One day I was playing with the other boys on the field between the meetinghouse and the church and he walked by. All of the kids I was playing with immediately said “Hello Father” and I just said “Hello” a big mistake as he spun around with skirts flapping and began to descend on me. I had seen him grab others by the ear and knew that I was destined for that fate. The kids started to yell “He’s not Catholic, Father” and I was spared the indignity of having my ear pulled. For some reason this instance has stayed with me and I doubt that I will ever feel comfortable around a priest in a long robe.
I learned the “Our Father” and “Rosary” by listening to the radio. We had dug a fort under the ground in the side of a hill and wired it for electricity and had a radio in our “den.” It was great fun to crawl through the tunnel entrance and hide out from the world. The only radio station close by was a Catholic one and every evening someone would read the prayer which starts; “Hail Mary full of grace. They called her “Mother of God.” I don’t think I ever could understand how God could have a mother but at that point in my life it was just neat to have a hide out from grown ups.
I had a beagle puppy when we lived in Jackson and my sister and I both loved Boots. He was a lot of fun but we had to watch him as a highway ran right through town and beagles are notorious for catching a scent and running after whatever they are hunting. As fate would have it Boots wasn’t killed on the highway but on the dirt road, which ran west of our house.
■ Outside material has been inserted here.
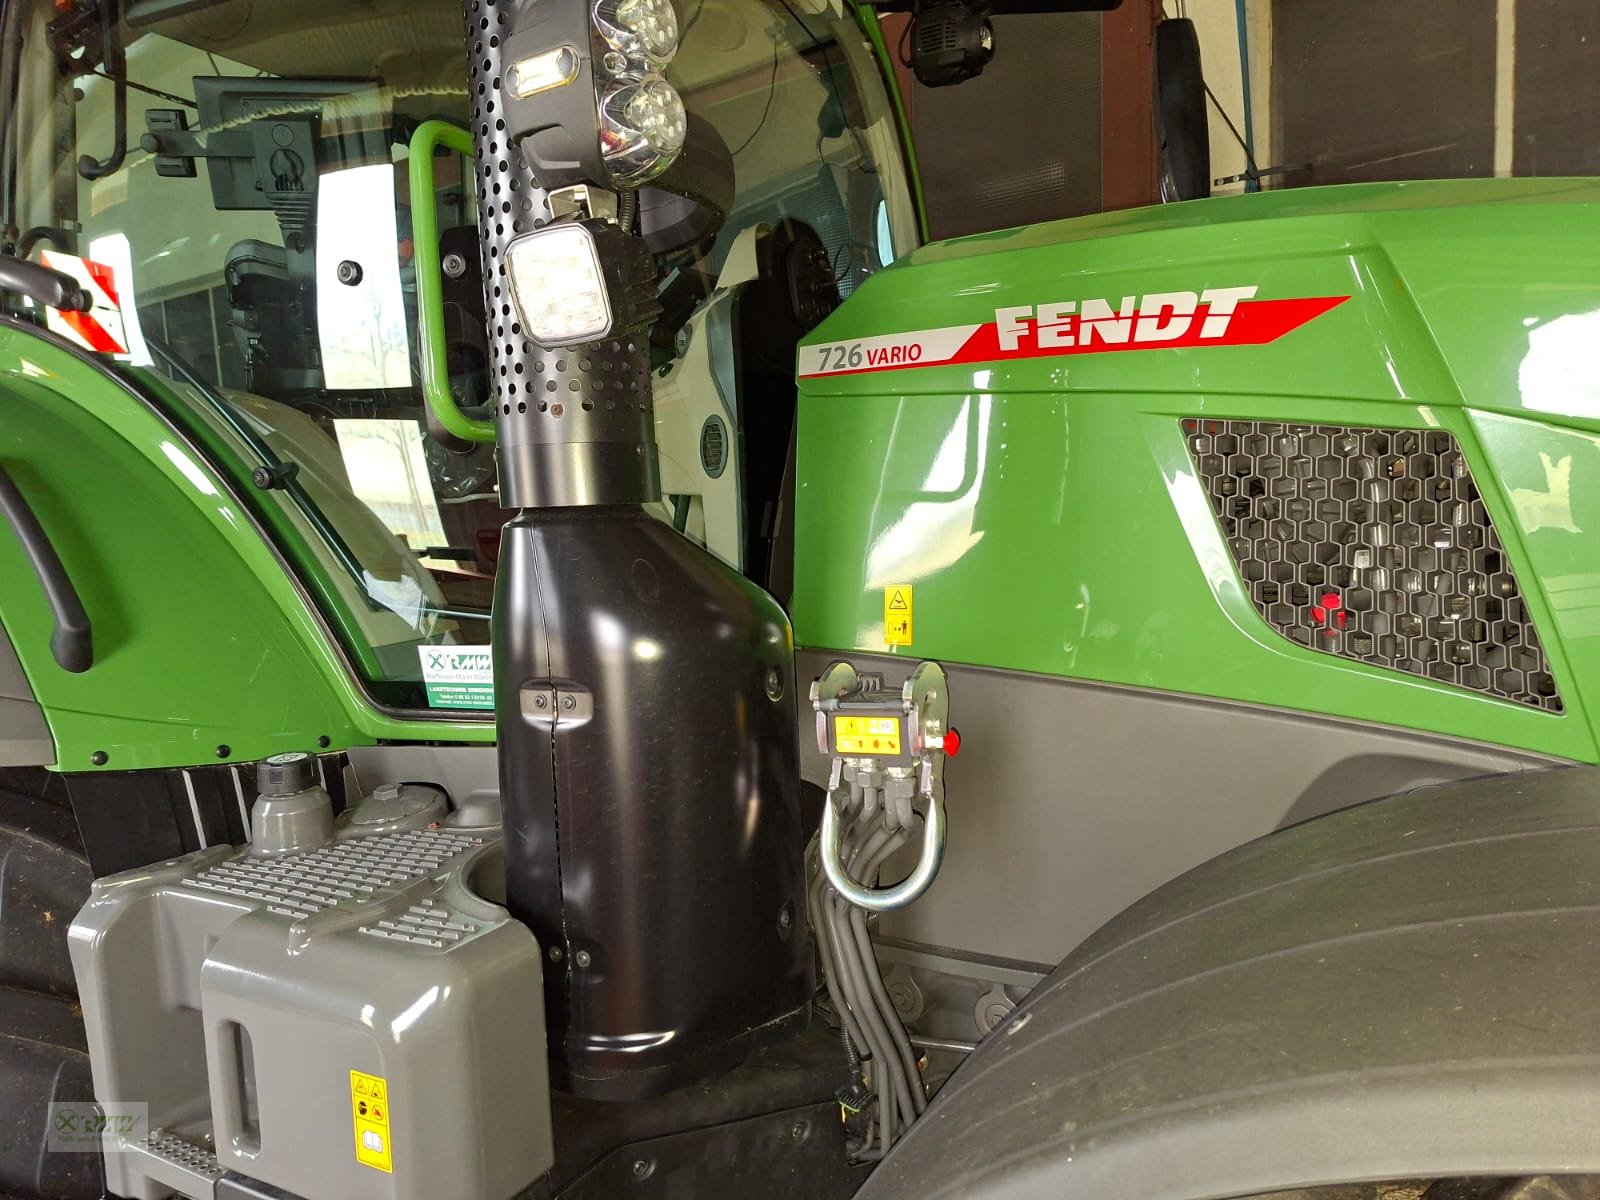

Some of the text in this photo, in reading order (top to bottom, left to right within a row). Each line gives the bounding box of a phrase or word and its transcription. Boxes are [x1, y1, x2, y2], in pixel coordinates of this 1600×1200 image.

This was one of my first experiences with death. While we were living there my mother’s Uncle Lew died and I suppose the experience of losing my pet helped me to understand the sadness my mother felt over his death.
Pets are great teachers for kids and I have learned a lot because of the pets I have owned. They have each enriched my life and I am grateful for each of them.
My first black friend went to school with me in South Sioux City. For some reason I had never been around a black person though I had certainly seen many of them in Ames because of the University. We had a short friendship since we only lived there for a month but it made an impression on me.
Another impression I had in South Sioux City was a teacher who could not handle her class. The boys were kind of rough and would rag her unmercifully. I think it was to get her to cry which she would do frequently in front of the class. I don’t know how long she lasted but I can still see her standing in front of the class wiping her eyes. I felt sorry for her but did not respect her. I much preferred the teachers who were stern but loving.